End-to-end Automatic Speech Recognition and Speech Translation: Integration of Speech Foundational Models and LLMs
Luu, Bojar
Speech Translation (ST) is a machine translation task that involves converting speech signals from one language to the corresponding text in another language; this task has two different approaches, namely the traditional cascade and the more recent end-to-end. This paper explores a combined end-to-end architecture of pre-trained speech encoders and Large Language Models (LLMs) for performing both Automatic Speech Recognition (ASR) and ST simultaneously. Experiments with the English-to-German language pair show that our best model not only can achieve better translation results than SeamlessM4T, a large foundational end-to-end, multi-modal translation model, but can also match the performance of a cascaded system with Whisper and NLLB, with up to a score gain of 8% in $\text{COMET}^{\text{DA}}_{22}$ metric.
academic
End-to-end Automatic Speech Recognition and Speech Translation: Integration of Speech Foundational Models and LLMs
Speech Translation (ST) is a machine translation task that involves converting speech signals from one language to the corresponding text in another language; this task has two different approaches, namely the traditional cascade and the more recent end-to-end. This paper explores a combined end-to-end architecture of pre-trained speech encoders and Large Language Models (LLMs) for performing both Automatic Speech Recognition (ASR) and ST simultaneously. Experiments with the English-to-German language pair show that our best model not only can achieve better translation results than SeamlessM4T, a large foundational end-to-end, multi-modal translation model, but can also match the performance of a cascaded system with Whisper and NLLB, with up to a score gain of 8% in COMET22DA metric.
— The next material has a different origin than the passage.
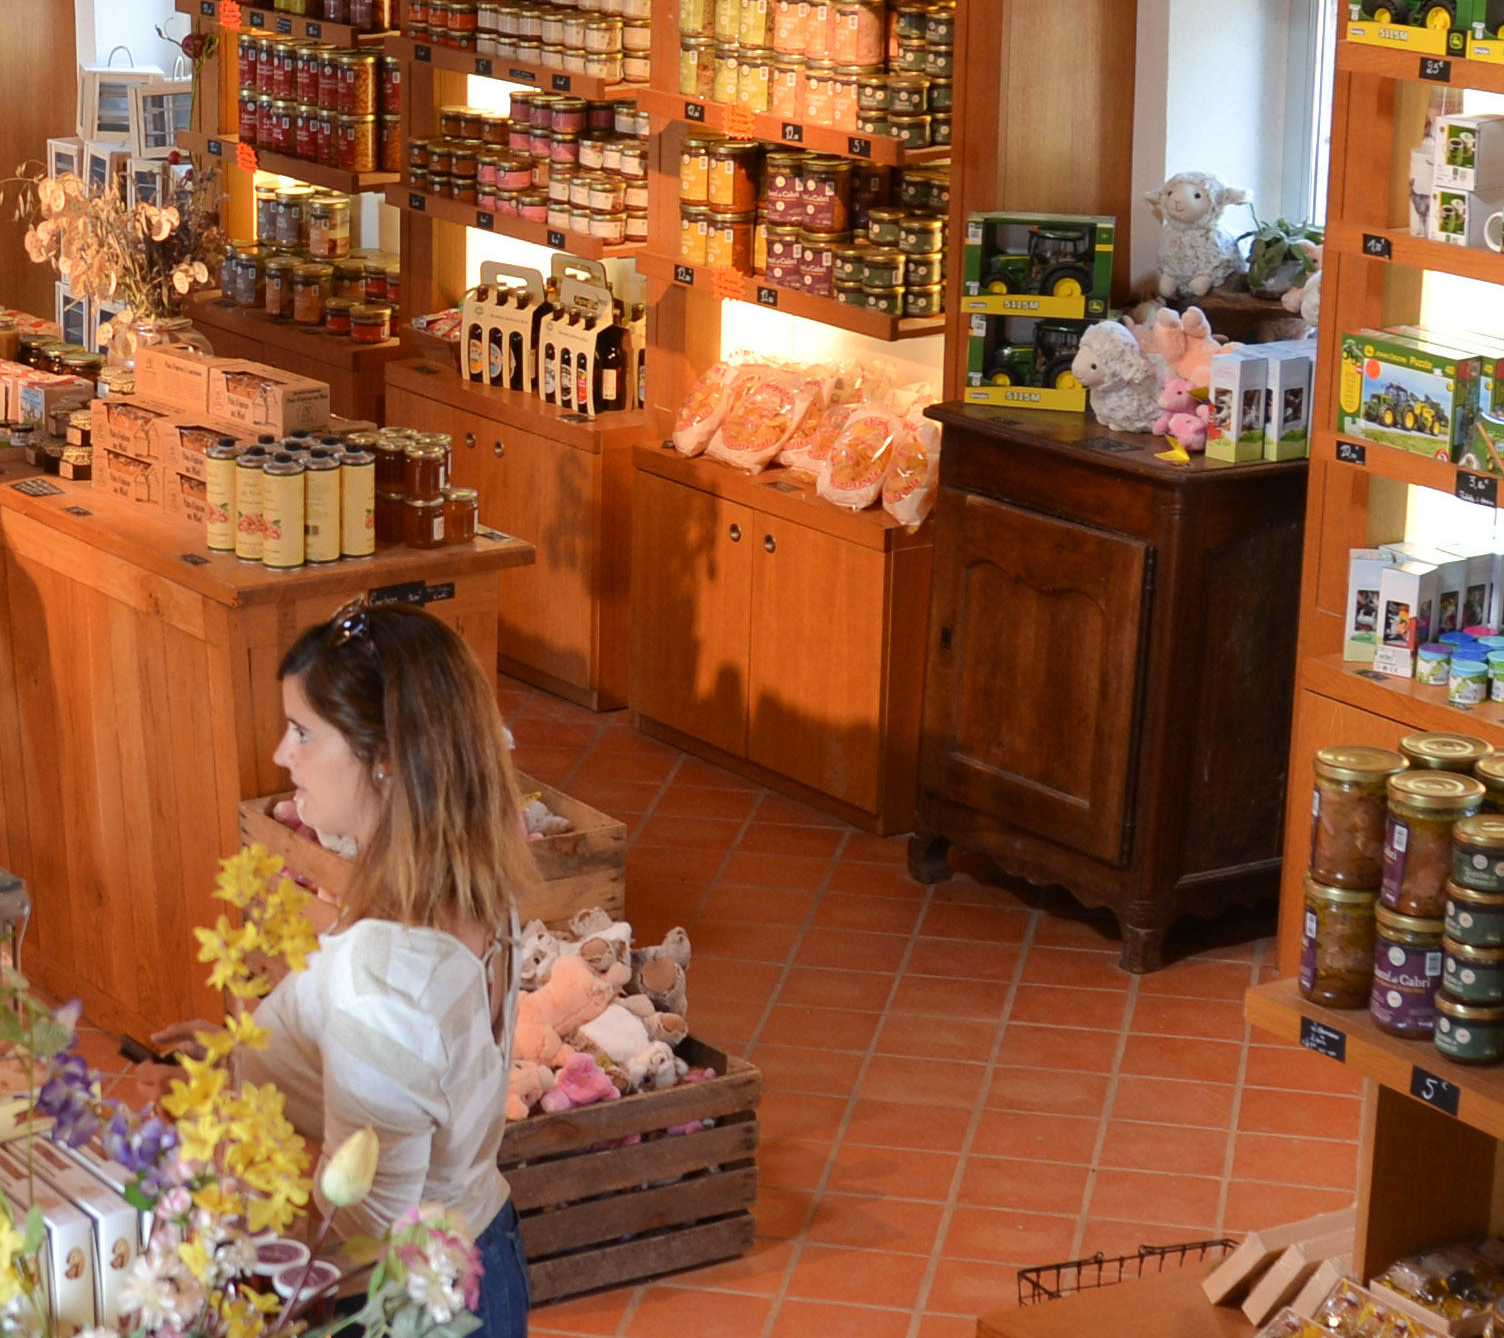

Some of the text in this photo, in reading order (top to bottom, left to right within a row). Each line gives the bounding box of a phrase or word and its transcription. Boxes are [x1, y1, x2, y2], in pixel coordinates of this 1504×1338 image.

This research aims to address efficiency and performance challenges in the Speech Translation (ST) task. Speech translation requires direct conversion of speech signals from one language to text in another language, traditionally employing either cascade approaches (ASR→MT) or end-to-end approaches.
Simplified Architecture: End-to-end methods can avoid intermediate ASR steps, simplifying the overall system architecture
Error Propagation: Cascade systems suffer from error propagation issues, where errors in the ASR stage affect subsequent translation quality
LLM Potential: Large language models demonstrate strong capabilities in natural language tasks, but their application in multimodal tasks requires further exploration
Combining the high-quality audio representation capabilities of pre-trained speech encoders with the powerful language processing abilities of LLMs to construct an end-to-end architecture capable of simultaneously executing ASR and ST tasks.
Proposed an end-to-end architecture integrating speech foundational models and LLMs, capable of simultaneously executing automatic speech recognition and speech translation tasks
Designed effective modality adaptation mechanisms, including two length adapters: CTC folding and convolutional downsampling
Achieved superior translation performance compared to SeamlessM4T on English-German language pairs, approaching the performance of the Whisper+NLLB cascade system
Provided detailed experimental analysis, comparing the effects of different LLM and speech encoder combinations
The paper cites important works in speech translation, large language models, and multimodal learning, including:
Whisper (Radford et al., 2022): Powerful speech recognition foundational model
SeamlessM4T (Communication et al., 2023): Multimodal translation model baseline
MuST-C (Cattoni et al., 2021): Standard speech translation dataset
QLoRA (Dettmers et al., 2023): Parameter-efficient fine-tuning technique
This paper proposes a promising end-to-end solution in the speech translation field. While there remains room for improvement in certain aspects, it provides valuable exploration and empirical results for multimodal LLM applications.